Bryan Martin, head of 4 States Trucks in Joplin, Mo., has seen nearly all of the show truck trends unfold in the last quarter-century. “In the mid ’80s, people were just bolting on what was available,” Martin says. “If you had a cab and sleeper panels, a drop visor, an air cleaner and a few lights, you had a custom rig.”
Overdrive’s Pride & Polish – which not only provided the opportunity for custom truck builders to show off their work, but also served as a forum for custom ideas to breed – played a big role in driving the evolution of custom truck builds from simple bolt-ons to today’s modern show-stoppers.

The premier show truck beauty competition celebrates its 25th anniversary this year.
The first Pride & Polish show took place in 1990 in Louisville, Ky. Murals were popular then and through the early ’90s, Martin says. “Like ‘Smokey and the Bandit,’ ” he says. “A lot of desert and Western themes, patriotic airbrushing, things like that.”

On its heels came one of the more prominent and longer-lasting trends: Lots of chrome and stainless. “People started going for the air horns and the big 6-inch stacks,” Martin says.
Darrian Stephens, who picked up more Best of Shows in that decade than any other Pride & Polish competitor, remembers the chrome generation well. He hung plenty of chrome on his 1995 Freightliner Classic XL, taking cues from the show cars of the day.
“I was always a chrome person,” Stephens says. “I like what [the cars] did, but I think we ended up getting to that level and surpassing it,” he says.
In the mid to late ’90s, lights also exploded, Martin says. Custom truck owners hung lights wherever they could, with trailer lights being a go-to for both show and working truck owners.
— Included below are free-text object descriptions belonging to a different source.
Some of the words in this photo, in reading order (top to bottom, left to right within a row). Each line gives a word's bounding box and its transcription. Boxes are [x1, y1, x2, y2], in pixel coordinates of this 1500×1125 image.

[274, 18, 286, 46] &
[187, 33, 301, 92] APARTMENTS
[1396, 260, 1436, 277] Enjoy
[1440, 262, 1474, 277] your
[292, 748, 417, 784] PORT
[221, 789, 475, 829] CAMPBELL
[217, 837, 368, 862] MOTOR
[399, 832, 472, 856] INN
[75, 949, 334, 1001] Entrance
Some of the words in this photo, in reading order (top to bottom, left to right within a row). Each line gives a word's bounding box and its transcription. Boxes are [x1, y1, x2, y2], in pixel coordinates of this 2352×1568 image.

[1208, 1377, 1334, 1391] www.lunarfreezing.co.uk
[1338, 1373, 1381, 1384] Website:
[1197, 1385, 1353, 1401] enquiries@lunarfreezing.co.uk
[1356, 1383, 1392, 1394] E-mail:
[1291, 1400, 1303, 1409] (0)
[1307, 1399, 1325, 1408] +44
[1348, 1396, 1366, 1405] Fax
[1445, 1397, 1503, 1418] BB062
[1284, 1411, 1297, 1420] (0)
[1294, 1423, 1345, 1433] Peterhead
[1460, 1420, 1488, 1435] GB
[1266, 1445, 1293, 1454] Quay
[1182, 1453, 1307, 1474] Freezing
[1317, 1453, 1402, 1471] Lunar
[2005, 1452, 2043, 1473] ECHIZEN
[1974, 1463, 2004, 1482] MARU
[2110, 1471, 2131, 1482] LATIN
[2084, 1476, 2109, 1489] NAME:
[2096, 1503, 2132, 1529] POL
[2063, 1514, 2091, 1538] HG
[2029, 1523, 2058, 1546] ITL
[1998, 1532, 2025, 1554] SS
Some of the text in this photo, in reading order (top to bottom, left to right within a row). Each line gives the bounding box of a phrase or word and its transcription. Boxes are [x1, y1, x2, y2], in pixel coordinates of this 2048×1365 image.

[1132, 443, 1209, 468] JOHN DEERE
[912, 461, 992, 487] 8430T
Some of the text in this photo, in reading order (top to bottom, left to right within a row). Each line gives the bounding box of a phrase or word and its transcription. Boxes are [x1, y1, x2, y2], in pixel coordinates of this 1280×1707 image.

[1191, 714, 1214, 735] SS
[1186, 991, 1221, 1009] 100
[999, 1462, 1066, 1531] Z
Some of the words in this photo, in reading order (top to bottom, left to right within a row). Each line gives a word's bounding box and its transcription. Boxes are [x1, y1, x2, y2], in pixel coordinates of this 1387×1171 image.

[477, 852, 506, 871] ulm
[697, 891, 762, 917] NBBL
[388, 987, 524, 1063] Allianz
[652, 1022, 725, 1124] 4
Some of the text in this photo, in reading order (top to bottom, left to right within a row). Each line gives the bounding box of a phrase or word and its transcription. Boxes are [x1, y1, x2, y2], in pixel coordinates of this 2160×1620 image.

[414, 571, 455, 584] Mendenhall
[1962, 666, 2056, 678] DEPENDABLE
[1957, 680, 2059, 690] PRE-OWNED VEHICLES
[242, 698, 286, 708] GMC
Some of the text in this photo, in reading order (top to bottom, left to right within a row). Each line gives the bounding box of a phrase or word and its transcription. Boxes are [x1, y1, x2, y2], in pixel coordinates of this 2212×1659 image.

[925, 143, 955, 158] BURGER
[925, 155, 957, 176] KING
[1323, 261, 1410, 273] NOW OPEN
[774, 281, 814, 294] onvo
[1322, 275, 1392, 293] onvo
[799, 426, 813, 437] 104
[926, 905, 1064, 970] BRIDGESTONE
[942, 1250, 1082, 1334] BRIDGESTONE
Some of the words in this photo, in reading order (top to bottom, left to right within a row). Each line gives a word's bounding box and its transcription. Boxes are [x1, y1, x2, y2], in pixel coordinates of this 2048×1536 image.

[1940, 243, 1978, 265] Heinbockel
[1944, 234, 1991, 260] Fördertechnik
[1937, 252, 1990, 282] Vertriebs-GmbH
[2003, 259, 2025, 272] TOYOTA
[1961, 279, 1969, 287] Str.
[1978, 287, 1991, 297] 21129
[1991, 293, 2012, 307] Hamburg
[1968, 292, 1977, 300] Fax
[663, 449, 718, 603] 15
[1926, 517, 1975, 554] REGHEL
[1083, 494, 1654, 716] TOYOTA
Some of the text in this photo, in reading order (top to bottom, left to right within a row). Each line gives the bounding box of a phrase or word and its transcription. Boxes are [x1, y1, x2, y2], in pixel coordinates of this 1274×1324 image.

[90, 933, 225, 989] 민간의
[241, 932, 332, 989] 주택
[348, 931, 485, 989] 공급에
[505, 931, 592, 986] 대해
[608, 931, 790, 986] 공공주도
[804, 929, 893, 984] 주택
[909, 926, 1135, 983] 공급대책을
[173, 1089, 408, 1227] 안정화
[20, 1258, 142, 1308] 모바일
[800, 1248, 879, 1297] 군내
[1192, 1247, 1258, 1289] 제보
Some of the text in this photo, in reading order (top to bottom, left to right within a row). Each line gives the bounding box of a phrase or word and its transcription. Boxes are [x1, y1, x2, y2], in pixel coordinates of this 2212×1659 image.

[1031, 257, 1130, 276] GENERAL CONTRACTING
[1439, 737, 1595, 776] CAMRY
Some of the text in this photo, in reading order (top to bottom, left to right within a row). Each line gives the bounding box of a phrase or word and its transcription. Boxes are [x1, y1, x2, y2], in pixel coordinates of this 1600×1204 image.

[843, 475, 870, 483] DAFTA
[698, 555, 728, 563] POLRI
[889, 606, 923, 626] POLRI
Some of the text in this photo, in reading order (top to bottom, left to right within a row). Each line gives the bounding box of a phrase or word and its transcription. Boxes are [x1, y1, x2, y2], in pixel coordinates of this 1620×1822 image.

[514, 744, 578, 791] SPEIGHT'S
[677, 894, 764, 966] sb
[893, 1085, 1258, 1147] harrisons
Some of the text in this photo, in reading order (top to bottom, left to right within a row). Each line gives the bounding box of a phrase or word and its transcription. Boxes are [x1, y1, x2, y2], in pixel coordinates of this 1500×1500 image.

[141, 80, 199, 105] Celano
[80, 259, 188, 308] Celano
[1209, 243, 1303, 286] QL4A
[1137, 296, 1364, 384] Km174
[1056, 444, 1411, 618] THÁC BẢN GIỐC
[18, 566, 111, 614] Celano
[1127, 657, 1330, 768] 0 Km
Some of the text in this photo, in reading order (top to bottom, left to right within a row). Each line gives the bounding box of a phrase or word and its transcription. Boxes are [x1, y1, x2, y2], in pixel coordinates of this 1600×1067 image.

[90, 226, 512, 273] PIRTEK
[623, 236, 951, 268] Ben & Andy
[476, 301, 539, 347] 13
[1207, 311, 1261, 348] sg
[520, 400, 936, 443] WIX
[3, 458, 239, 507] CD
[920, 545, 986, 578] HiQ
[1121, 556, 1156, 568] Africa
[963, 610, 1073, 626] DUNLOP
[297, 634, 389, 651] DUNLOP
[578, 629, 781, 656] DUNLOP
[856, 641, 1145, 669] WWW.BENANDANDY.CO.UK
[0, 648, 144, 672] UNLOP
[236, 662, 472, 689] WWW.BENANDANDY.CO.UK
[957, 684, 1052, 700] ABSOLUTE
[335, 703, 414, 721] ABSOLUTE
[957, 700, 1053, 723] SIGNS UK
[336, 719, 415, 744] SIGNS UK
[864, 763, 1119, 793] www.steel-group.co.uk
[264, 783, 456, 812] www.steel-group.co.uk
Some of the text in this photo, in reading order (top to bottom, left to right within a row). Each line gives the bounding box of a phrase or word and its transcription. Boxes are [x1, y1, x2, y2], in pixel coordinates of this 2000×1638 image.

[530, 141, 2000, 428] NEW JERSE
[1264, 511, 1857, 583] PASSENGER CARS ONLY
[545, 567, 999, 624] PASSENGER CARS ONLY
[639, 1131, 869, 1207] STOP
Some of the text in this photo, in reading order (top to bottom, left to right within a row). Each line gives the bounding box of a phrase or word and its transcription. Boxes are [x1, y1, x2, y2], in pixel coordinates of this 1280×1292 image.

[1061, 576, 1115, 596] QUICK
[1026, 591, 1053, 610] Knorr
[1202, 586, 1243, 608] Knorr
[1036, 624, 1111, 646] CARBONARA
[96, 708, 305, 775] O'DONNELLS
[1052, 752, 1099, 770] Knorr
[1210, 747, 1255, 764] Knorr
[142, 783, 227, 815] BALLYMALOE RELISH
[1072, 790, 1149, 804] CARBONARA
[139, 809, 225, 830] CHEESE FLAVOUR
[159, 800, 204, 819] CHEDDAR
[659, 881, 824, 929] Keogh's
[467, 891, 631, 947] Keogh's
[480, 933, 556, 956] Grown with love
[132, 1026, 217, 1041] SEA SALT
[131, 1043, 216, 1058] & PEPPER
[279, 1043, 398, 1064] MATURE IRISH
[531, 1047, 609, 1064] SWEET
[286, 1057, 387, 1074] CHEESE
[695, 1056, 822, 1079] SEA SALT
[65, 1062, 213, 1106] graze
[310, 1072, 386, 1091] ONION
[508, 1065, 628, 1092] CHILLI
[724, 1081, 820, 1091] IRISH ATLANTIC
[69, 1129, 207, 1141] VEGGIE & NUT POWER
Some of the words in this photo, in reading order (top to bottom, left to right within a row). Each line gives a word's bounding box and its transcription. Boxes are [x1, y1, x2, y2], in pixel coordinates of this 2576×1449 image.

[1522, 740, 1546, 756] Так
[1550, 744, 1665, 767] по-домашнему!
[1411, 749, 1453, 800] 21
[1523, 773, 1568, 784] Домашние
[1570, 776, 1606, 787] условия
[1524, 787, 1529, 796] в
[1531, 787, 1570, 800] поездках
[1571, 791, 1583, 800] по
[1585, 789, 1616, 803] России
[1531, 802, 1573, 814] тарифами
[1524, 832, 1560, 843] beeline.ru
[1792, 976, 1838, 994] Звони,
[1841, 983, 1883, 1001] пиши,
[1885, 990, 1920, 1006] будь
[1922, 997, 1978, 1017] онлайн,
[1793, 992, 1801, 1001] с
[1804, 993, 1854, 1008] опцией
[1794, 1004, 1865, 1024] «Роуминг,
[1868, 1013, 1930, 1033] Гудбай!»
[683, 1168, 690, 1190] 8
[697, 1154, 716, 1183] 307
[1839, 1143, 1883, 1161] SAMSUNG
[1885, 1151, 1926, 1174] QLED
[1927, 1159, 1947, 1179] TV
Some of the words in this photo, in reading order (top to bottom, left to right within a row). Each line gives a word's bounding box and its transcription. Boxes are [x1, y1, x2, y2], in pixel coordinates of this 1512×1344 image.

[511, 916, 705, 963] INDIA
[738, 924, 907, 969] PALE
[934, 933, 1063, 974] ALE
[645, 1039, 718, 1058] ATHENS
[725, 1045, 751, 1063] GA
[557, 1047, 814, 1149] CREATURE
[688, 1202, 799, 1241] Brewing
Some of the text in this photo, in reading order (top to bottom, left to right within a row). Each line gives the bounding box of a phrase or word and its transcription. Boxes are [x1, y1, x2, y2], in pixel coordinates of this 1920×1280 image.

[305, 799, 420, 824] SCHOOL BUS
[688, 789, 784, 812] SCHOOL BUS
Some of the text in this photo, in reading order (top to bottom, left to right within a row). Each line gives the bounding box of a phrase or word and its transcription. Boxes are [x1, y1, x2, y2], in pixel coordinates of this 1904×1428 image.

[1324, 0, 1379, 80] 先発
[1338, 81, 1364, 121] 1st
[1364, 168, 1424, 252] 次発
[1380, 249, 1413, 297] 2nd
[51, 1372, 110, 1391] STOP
Also popular in the mid- to late ’90s were striped paint jobs, Martin says, like those that came stock on Peterbilt and Kenworth models in the ’70s.
At the turn of the century, the game changed again, with lights and stainless losing their luster. Painted components, stretched frames and low front ends took their place.
“People always want to see what they can do to take the crown,” says Stephens. “We were always trying to design and come up with stuff to try to do things different. Somebody would come in with something different – the right touch – and somebody else would say ‘I like that. That’s what I need to do to compete.’ We all get inspired from shows, and that’s how it evolved.”

Martin marks this era as the one that accelerated both the interest and the innovation of custom truck design. “Around 2000, the bar just got raised,” he says. “People started looking at these trucks as a canvas and started really thinking outside the box. I keep thinking that when it comes to custom trucks, everything’s been done. But then there’s something new that comes along.”
Today, retro – looks from the ’70s and ’80s – seems to be making a comeback, says both Martin and Stephens. Smaller visors, striped paint patterns and stainless once again are growing in popularity.
But elements of all of the trends from the last quarter-century continue to hold – some chrome, some lights and lots of paint. Recent years also have seen a rise in wild interiors and an emphasis on one-off parts and metal fabrication.

“We’re doing things now that 15 years ago we would have thought were nuts,” Martin says. “Rear light bars, T-bars, Frenched-in lights, sculpted and molded metal and bodywork, four- or five-step paint jobs.”
Stephens sees originality and one-off parts continuing to be the trend. “Uniqueness, tedious detailing and cleaning – that’s the stuff that sets a lot of people apart. I just see more of that coming.”